Moradores da Barra do Riacho retomam nesta sexta protesto por empregos na Jurong

Moradores da Barra do Riacho retomam nesta sexta protesto por empregos na Jurong

Após a reunião realizada na última terça-feira (18) entre a Jurong, as empreiteiras contratadas para a obra do Estaleiro Jurong de Aracruz (EJA) e a sociedade civil organizada, os moradores da Barra do Riacho decidiram por uma nova paralisação nesta sexta-feira (21).

Nesta reunião, como retratou Herval Nogueira Junior, presidente da Associação dos Amigos da Barra do Riacho, apenas as empreiteiras que realmente contratam a mão de obra local estiveram presentes.
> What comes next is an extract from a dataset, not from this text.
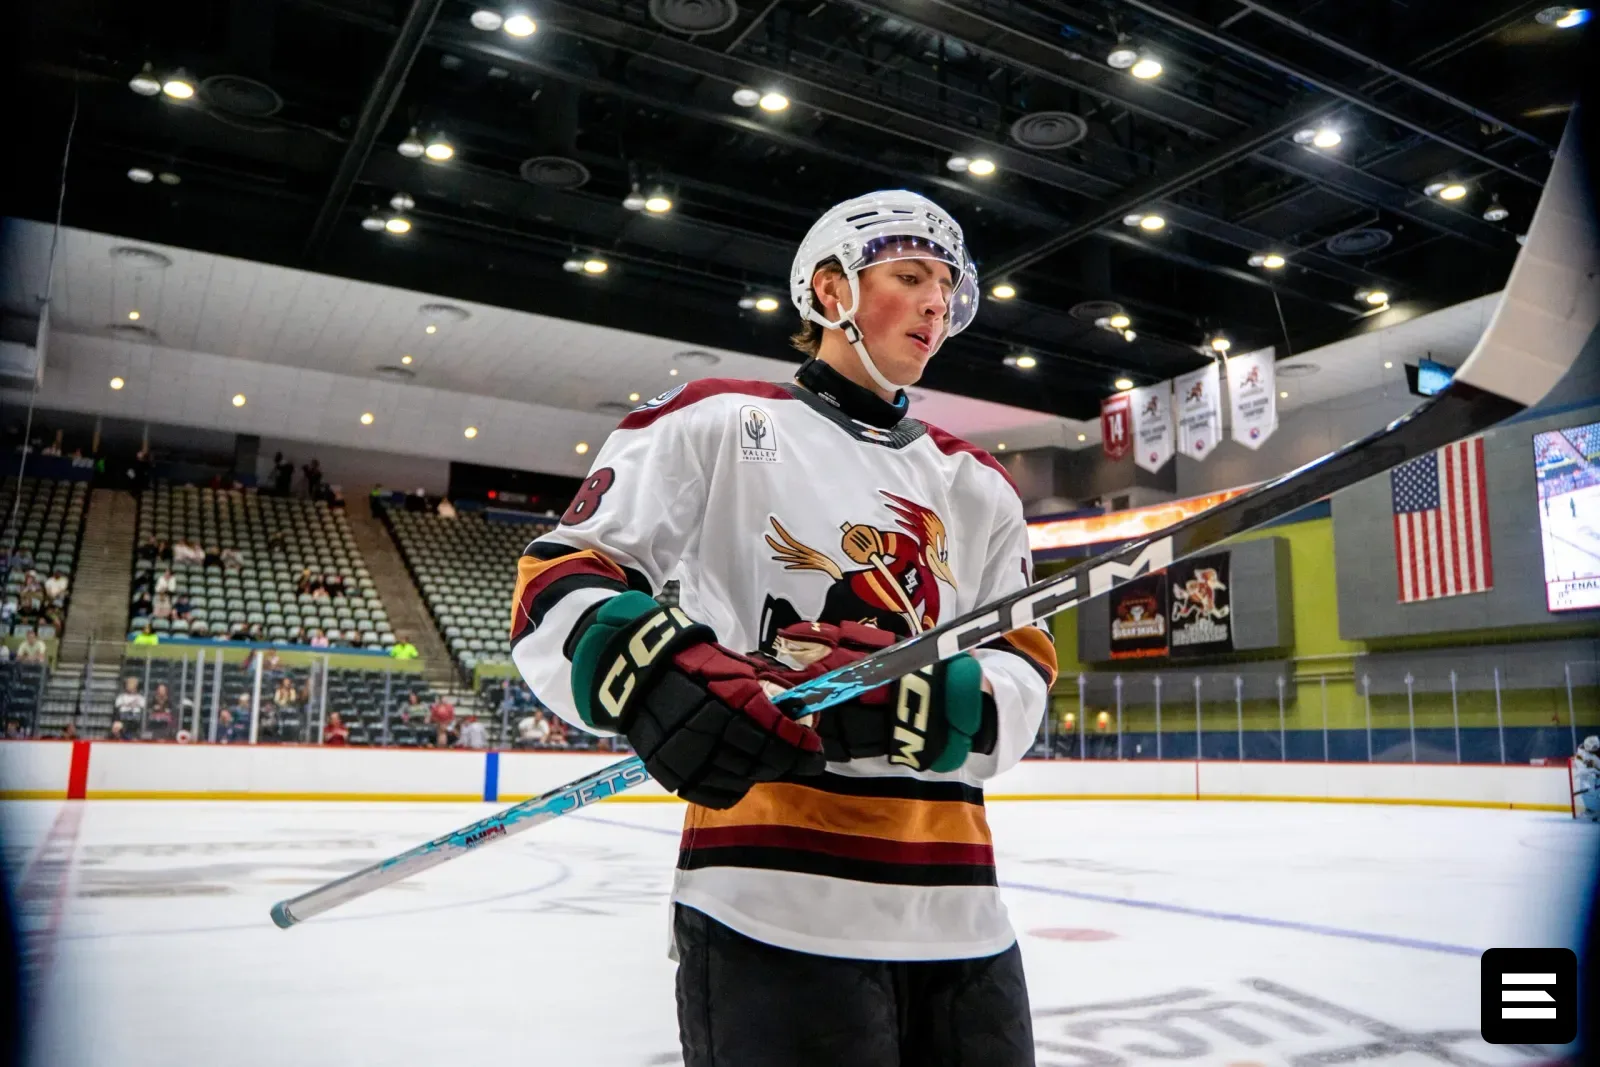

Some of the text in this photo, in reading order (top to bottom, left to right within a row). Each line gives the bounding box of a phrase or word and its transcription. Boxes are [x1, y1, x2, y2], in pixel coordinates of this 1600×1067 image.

[1108, 412, 1124, 443] 14
[936, 535, 1173, 661] CCM
[891, 664, 933, 771] CM
[560, 763, 653, 816] JETS
Uma nova reunião está marcada para esta quinta-feira (20), às 15 horas, na própria comunidade, com as empreiteiras que não estiveram presentes e cuja maioria não cumpre com o estabelecido no licenciamento ambiental do estaleiro, que prevê a contratação de um mínimo de 80% de mão de obra local para todas as atividades referentes ao EJA.

Para Herval, a Jurong age com falta de respeito e irresponsabilidade em relação às comunidades mais atingidas pelo empreendimento. Ele destaca que os moradores do distrito não rechaçam o emprego de trabalhadores de outras regiões, mas destaca que a comunidade de Barra do Riacho já sofrem os impactos ambientais e sociais diretos da construção do estaleiro e que os empregos deveriam se destinar justamente os moradores mais atingidos pela chegada do empreendimento. Além disso, os moradores querem ser empregados nas áreas para a qual possuem qualificação.
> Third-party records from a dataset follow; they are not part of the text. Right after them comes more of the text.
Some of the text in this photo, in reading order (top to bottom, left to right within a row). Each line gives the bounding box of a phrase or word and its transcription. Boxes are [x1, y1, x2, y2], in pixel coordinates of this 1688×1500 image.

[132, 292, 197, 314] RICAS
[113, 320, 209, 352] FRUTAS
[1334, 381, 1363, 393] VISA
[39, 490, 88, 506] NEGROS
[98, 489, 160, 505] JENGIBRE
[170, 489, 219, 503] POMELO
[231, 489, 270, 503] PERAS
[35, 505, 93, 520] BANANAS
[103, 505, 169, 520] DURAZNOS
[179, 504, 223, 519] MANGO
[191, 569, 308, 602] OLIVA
Desde 2010, a região da Barra do Riacho recebe trabalhadores de diversas partes do País, atraídos pelas promessas de emprego oferecidas pela Jurong e pela Petrobras na região. Os que não foram contratados pela Petrobras ficaram no município, como uma população flutuante, aguardando os serviços da Jurong. Enquanto isso, os trabalhadores locais não são absorvidos, o que gera um grande problema social. Mesmo os contratados, são utilizados somente na fase de obras.

As populações tradicionais e os moradores que viram o avanço da construção do estaleiro já notam o aumento da criminalidade, a superlotação do sistema de saúde e de educação, e uma série de outros problemas sociais na região. Herval destaca que, embora a população da Barra do Riacho seja a maior atingida pelo estaleiro, todos os recursos que a empresa leva ao município são empregados nas estruturas da sede de Aracruz, que fica a 26 quilômetros do local de implantação do empreendimento. Hospitais e batalhão do Corpo de Bombeiros, por exemplo, são estruturas necessárias de segurança, mas só estão localizadas na sede do município.

No dia 3 de abril, a comunidade fará uma reunião com o Instituto Estadual de Meio Ambiente e Recursos Hídricos (Iema) para rediscutir o que foi definido como região de impactos diretos do estaleiro em seu Estudo e Relatório de Impacto Ambiental (EIA/Rima). Segundo Herval, até mesmo o município de Fundão foi incluído como área de impacto direto do estaleiro.

Os moradores da região da Barra do Riacho já fizeram um protesto na última semana, quando fecharam a pista da rodovia ES 010, no trecho entre Barra do Sahy e Barra do Riacho, na altura do quilômetro 60, impedindo o acesso às obras do estaleiro. A Jurong enviou aos manifestantes um comunicado por escrito no qual propunha uma reunião no outro dia, quando os representantes da Jurong afirmaram interferência do governo do Estado nas contratações, por meio do programa Emprego Certo.